**Material shown**
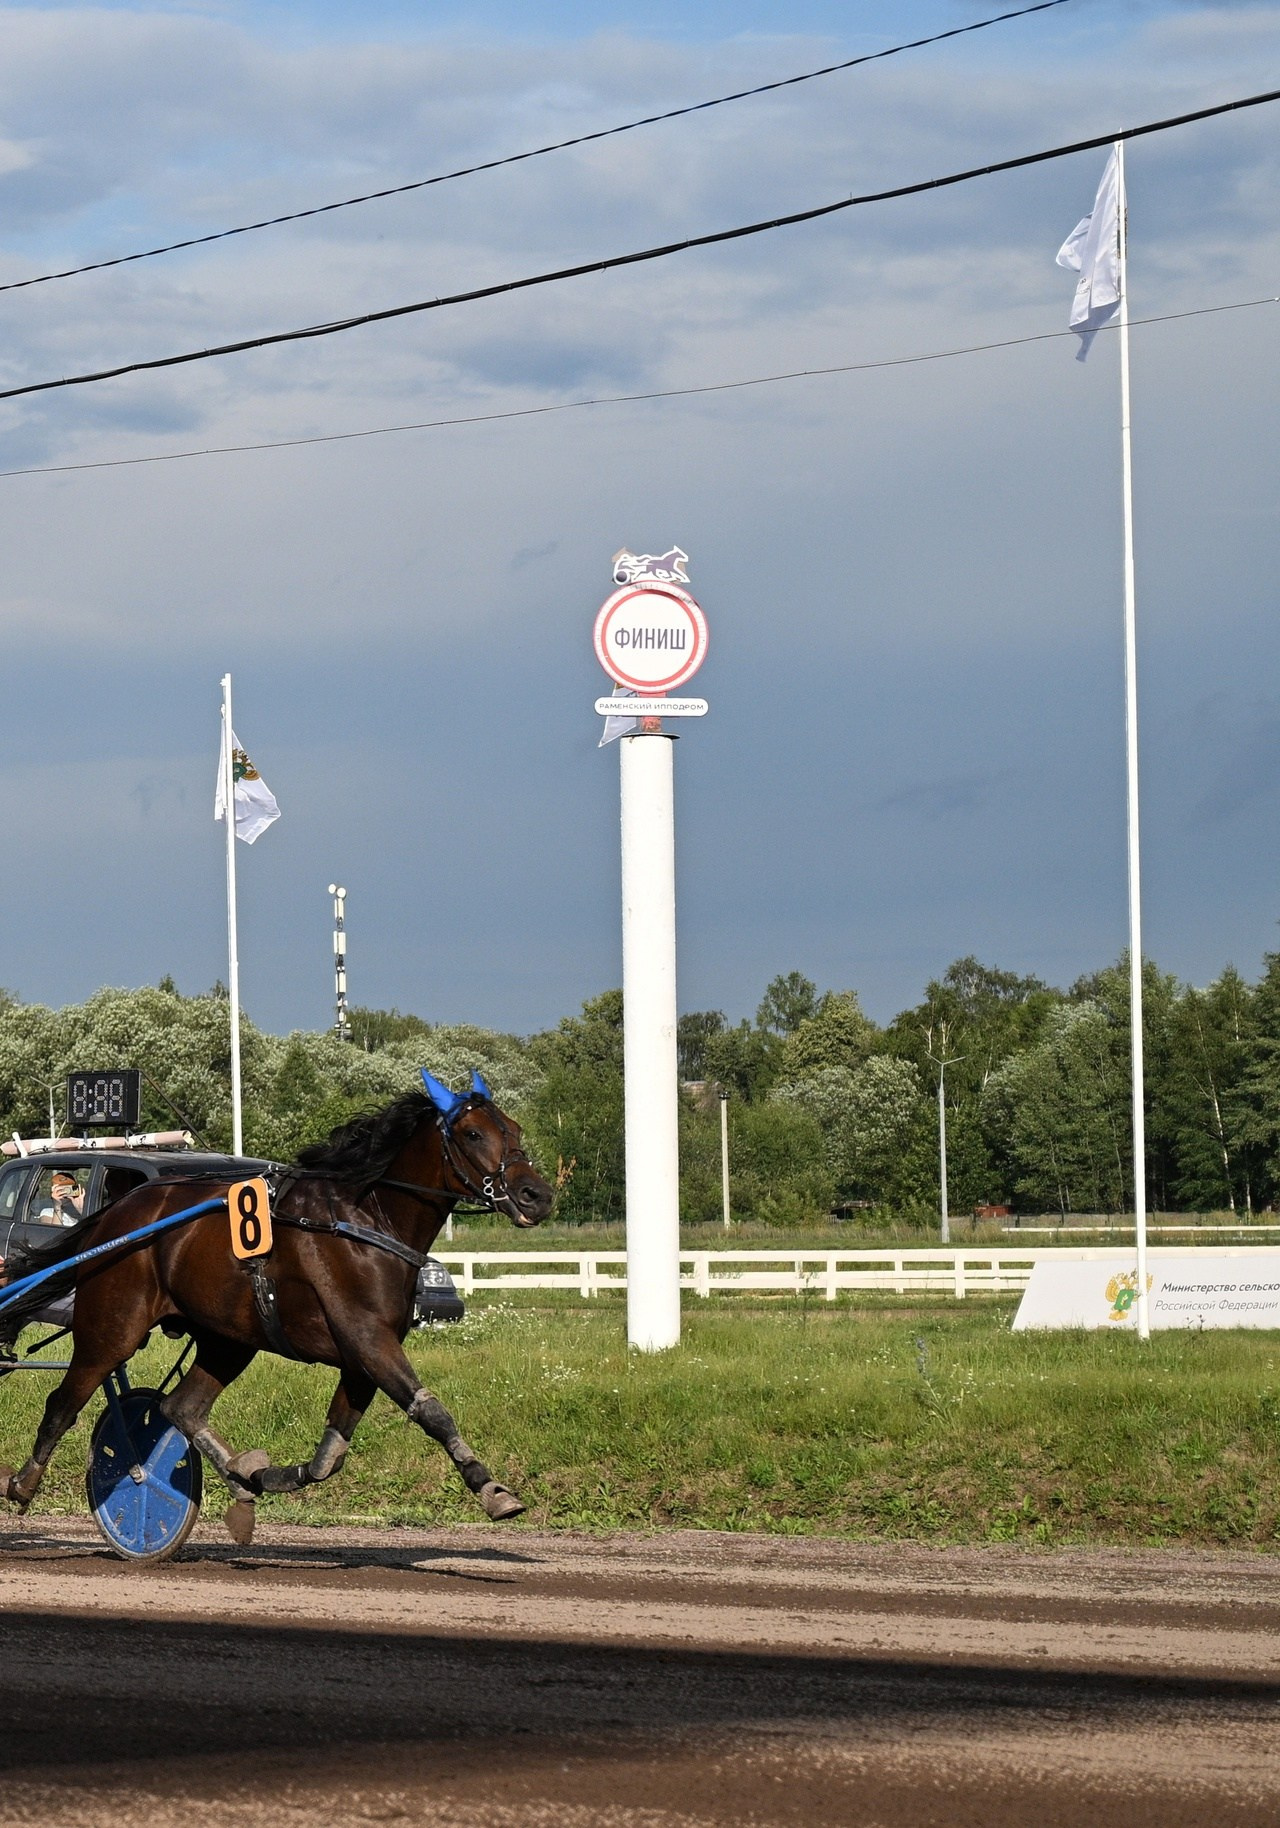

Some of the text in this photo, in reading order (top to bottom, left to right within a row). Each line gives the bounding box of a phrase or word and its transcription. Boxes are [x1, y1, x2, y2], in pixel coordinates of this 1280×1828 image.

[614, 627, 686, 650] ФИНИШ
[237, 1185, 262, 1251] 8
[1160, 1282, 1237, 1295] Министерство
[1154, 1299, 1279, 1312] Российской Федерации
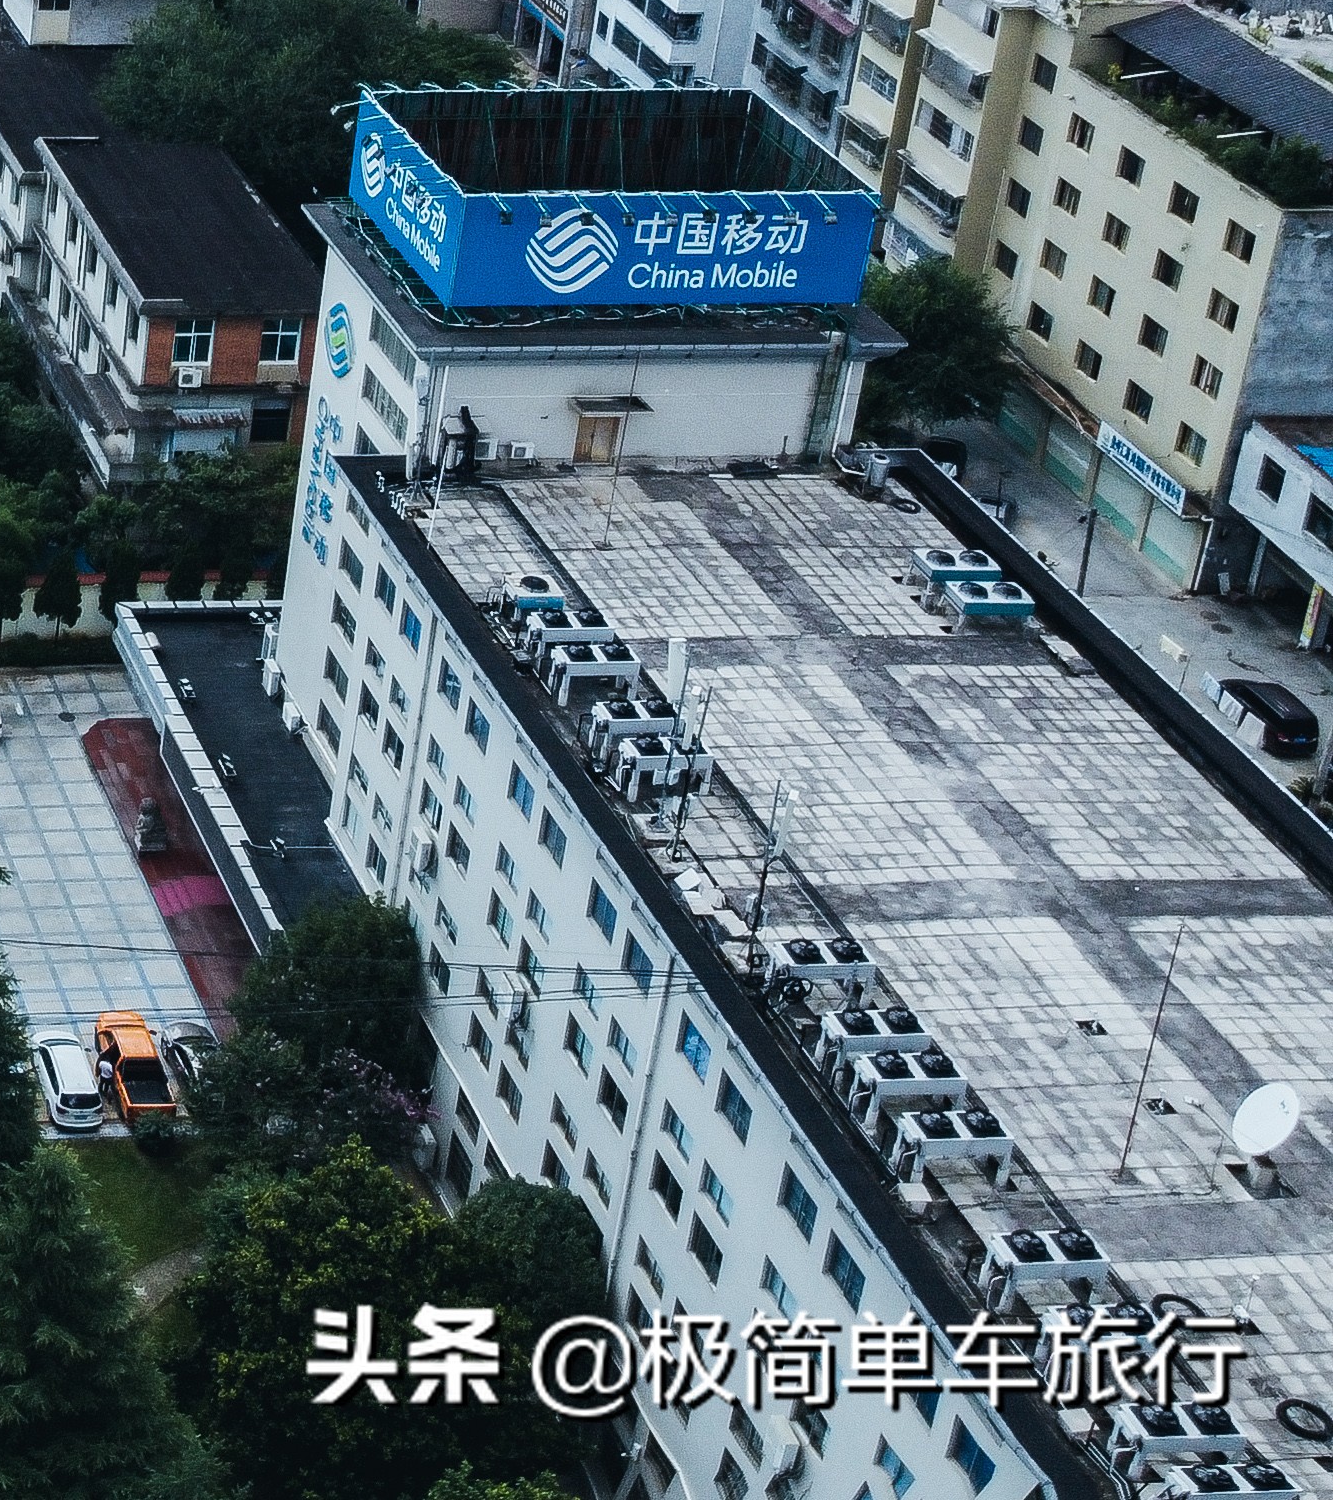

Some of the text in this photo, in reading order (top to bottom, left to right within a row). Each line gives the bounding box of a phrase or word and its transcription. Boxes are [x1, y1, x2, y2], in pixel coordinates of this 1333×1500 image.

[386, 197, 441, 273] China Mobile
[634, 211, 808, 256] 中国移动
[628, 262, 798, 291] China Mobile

**Task statement**
Repeat the data exactly as given. Keep every picture out of the copy.

**Task response**
Some of the text in this photo, in reading order (top to bottom, left to right within a row). Each line gives the bounding box of a phrase or word and its transcription. Boxes are [x1, y1, x2, y2], in pixel coordinates of this 1280×1828 image.

[614, 627, 686, 650] ФИНИШ
[237, 1185, 262, 1251] 8
[1160, 1282, 1237, 1295] Министерство
[1154, 1299, 1279, 1312] Российской Федерации

Some of the text in this photo, in reading order (top to bottom, left to right within a row). Each line gives the bounding box of a phrase or word and its transcription. Boxes are [x1, y1, x2, y2], in pixel coordinates of this 1333×1500 image.

[386, 197, 441, 273] China Mobile
[634, 211, 808, 256] 中国移动
[628, 262, 798, 291] China Mobile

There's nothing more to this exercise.